But to return from this not altogether irrelevant digression. Mr. Irving ascended the pulpit at eleven o'clock. The first effect of his appearance is extremely startling. He is considerably more than six feet high. He has a pallid face-the outline rather triangular than oval the features regular and manly. The most striking circumstance about his head is a profusion of coarse, jet-black hair, which is carefully divided in the centre and combed down on either side, after the Italian fashion in the middle ages. The eye-brows and whiskers are in equal abundance. Upon the whole, we thought the entire countenance much more Italian than Scotch, and imagined that we could discover in the softness and regularity about the mouth and chin some resemblance to the Bonaparte family. There is a strongly marked

The Oracles of God; Four Orations. Judgment to come, an argument in Nine Parts, pp. 548.

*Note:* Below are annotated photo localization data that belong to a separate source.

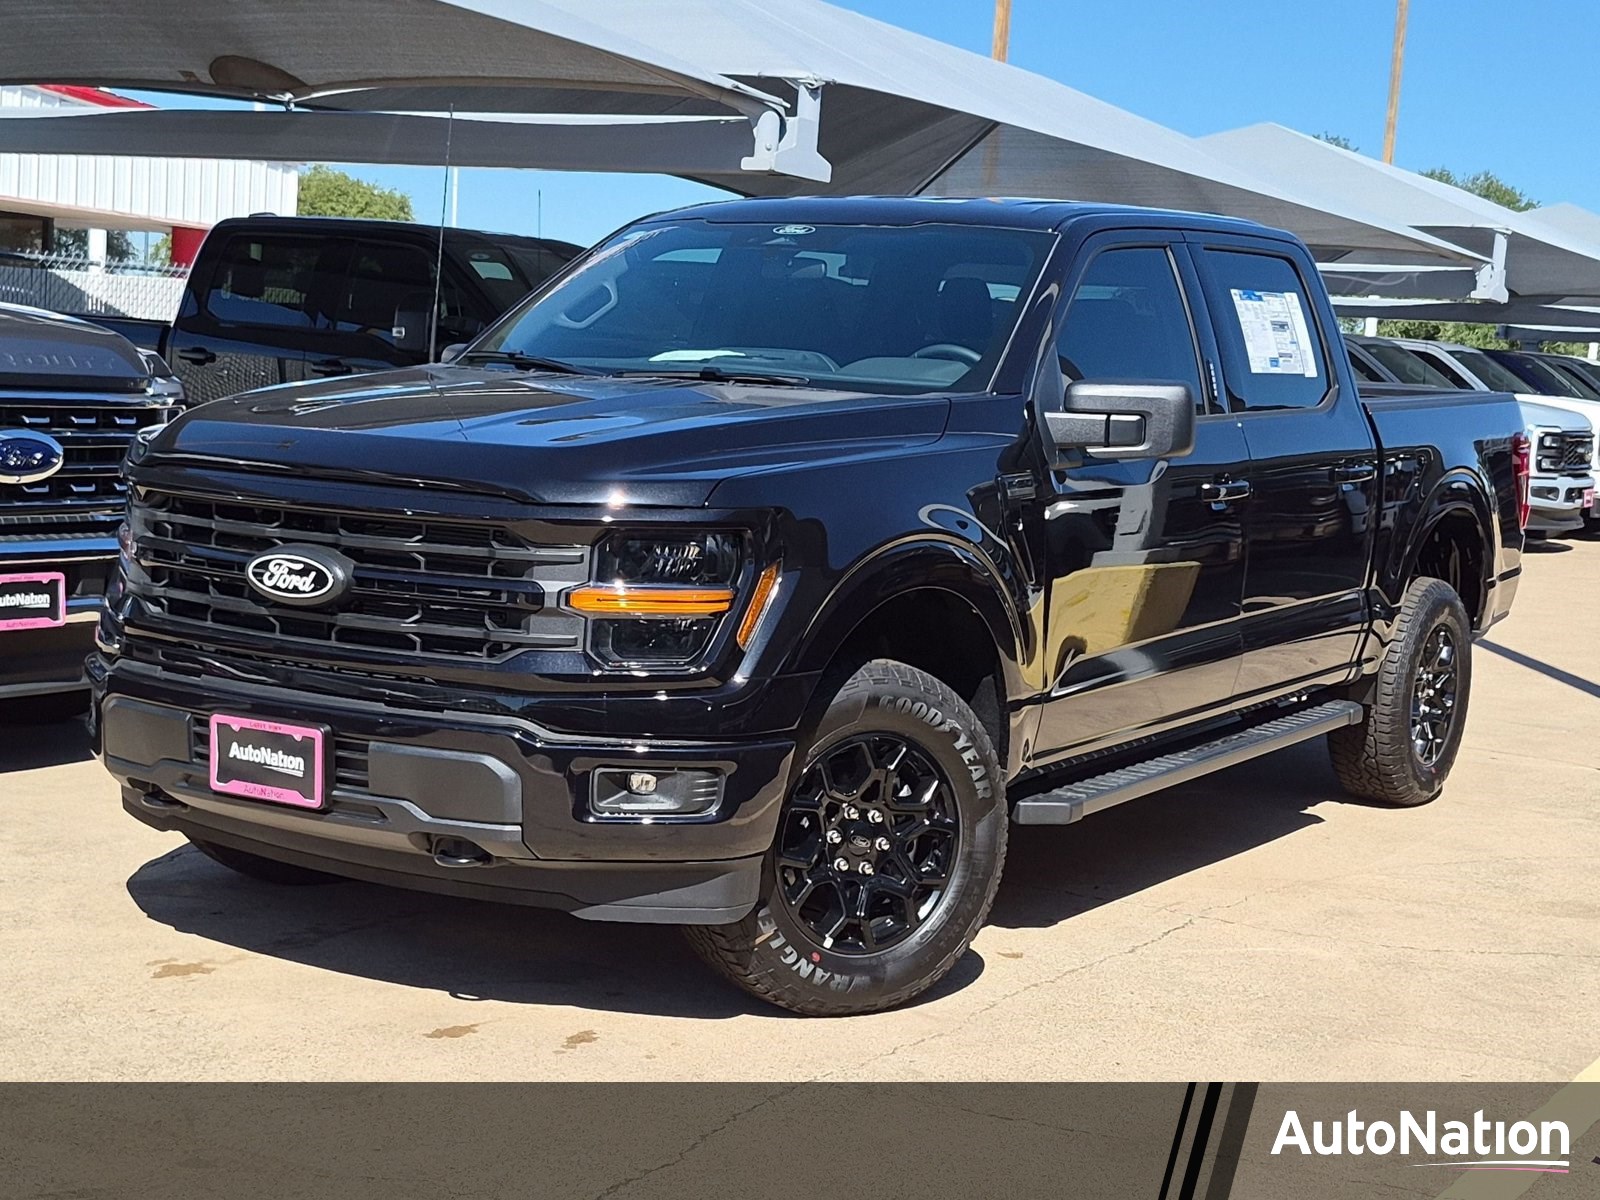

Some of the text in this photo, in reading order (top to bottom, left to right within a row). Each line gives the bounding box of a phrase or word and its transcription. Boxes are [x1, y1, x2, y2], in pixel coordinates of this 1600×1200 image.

[262, 559, 317, 592] Ford
[0, 592, 50, 606] utoNation
[228, 741, 305, 771] AutoNation
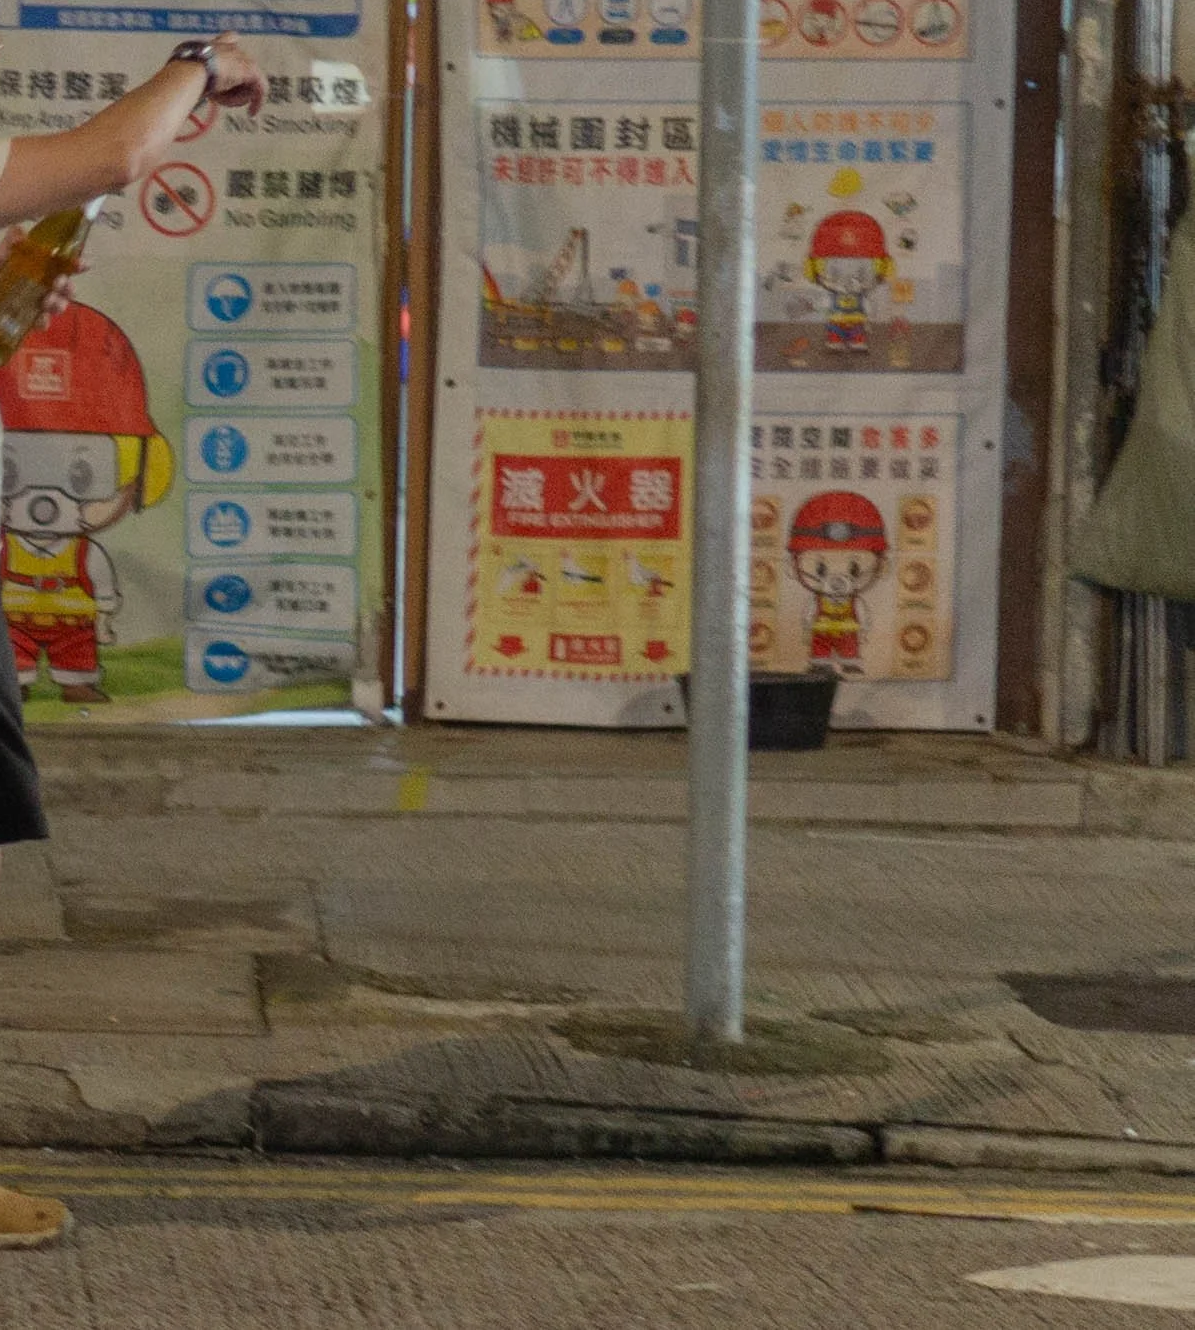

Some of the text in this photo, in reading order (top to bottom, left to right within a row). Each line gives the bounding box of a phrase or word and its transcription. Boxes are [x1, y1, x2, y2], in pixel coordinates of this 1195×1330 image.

[267, 74, 360, 105] 禁吸煙
[226, 114, 359, 138] No Smoking
[492, 155, 696, 186] 未經許可不得進入
[224, 208, 255, 229] No
[500, 466, 673, 513] 滅火器
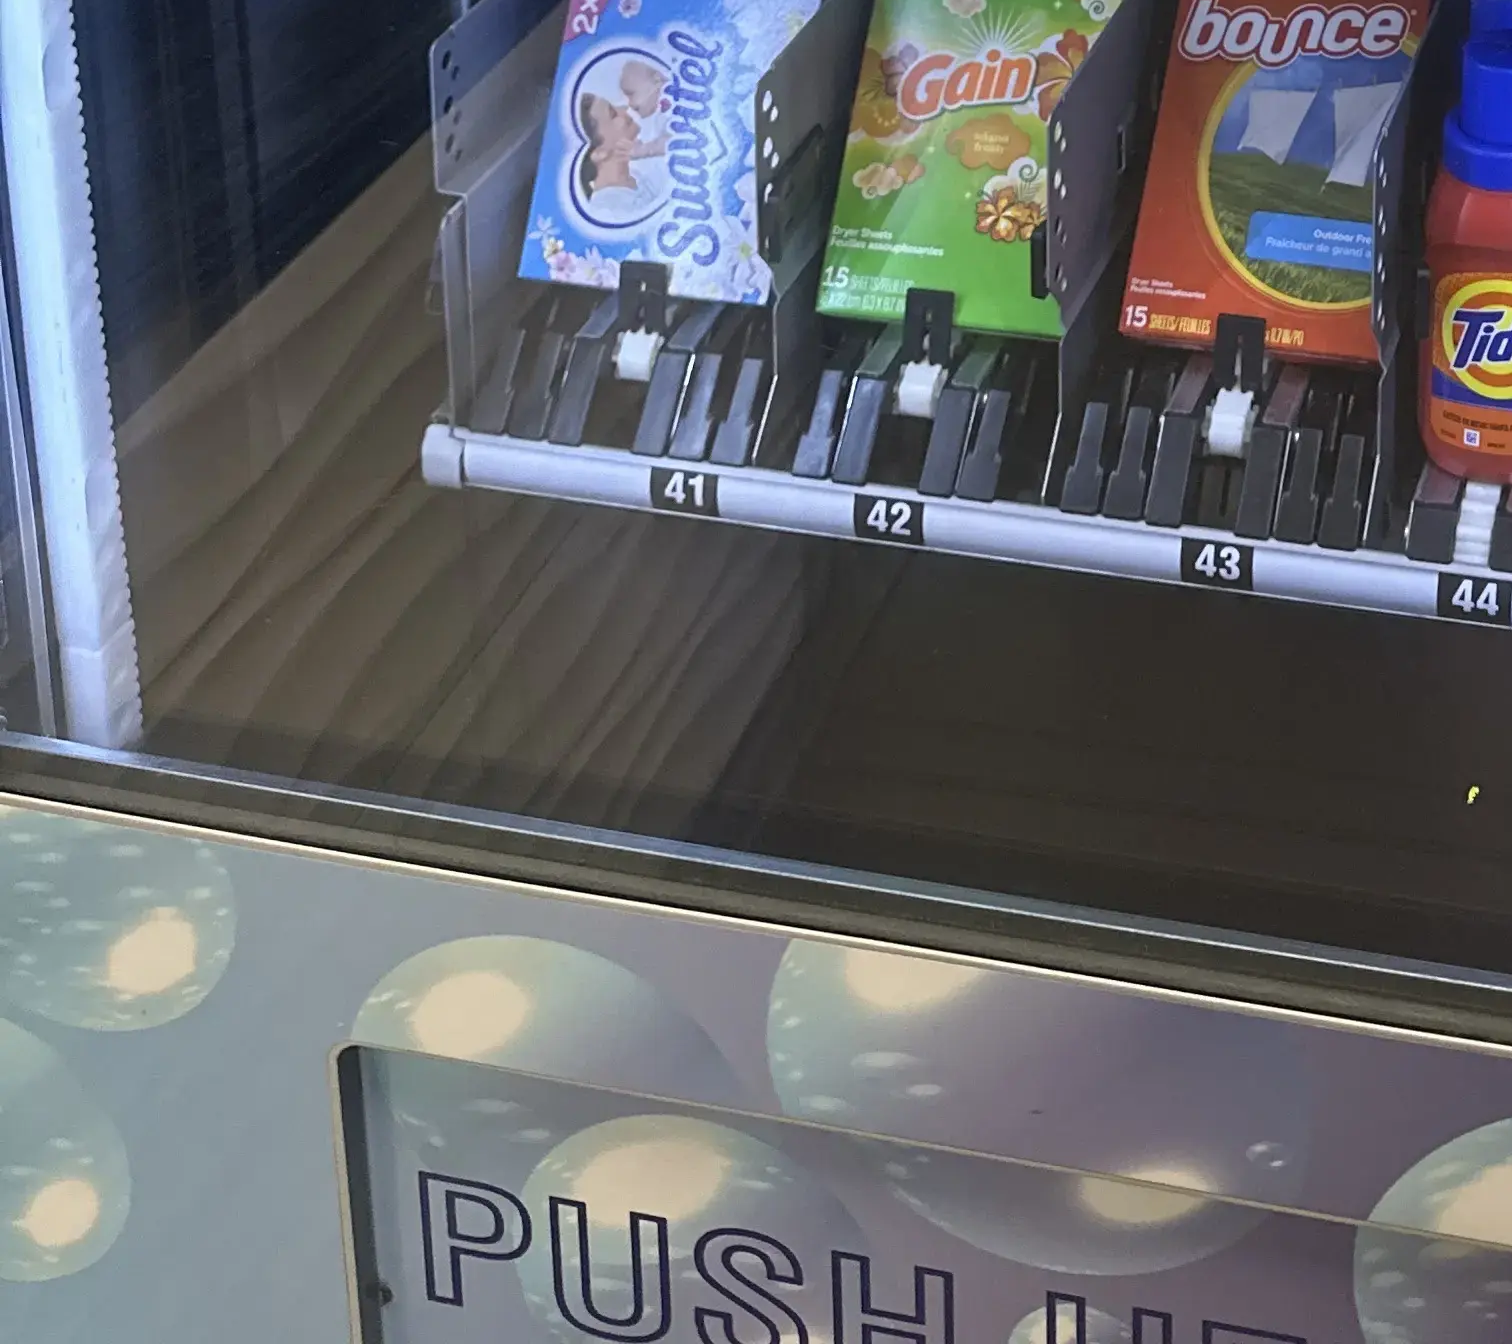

organical defect in the eyes: when upturned, they convey the idea of absolute blindness. The forehead is high and handsome, and far too anxiously displayed. We were sorry to see Mr. Irving's fingers so frequently at work in that quarter to keep the hair in its upturned position. The petty care bestowed upon this point, and the toilet-associations connected with bleached shirt-wrists, starched collar, and cherished whiskers, greatly detracted from his dignity of aspect, and reduced what might have been really imposing into an air of mere terrific dandyism. His age, we understand, is about forty years. If any one should ask us, take him all in all, what he looked most like, we should say, that when he first glided into view, his towering figure, sable habiliments, pallid visage, and the theatrical adjustment of his black and bushy hair, reminded us of the entry of a wonder-working magician upon the boards of a real theatre.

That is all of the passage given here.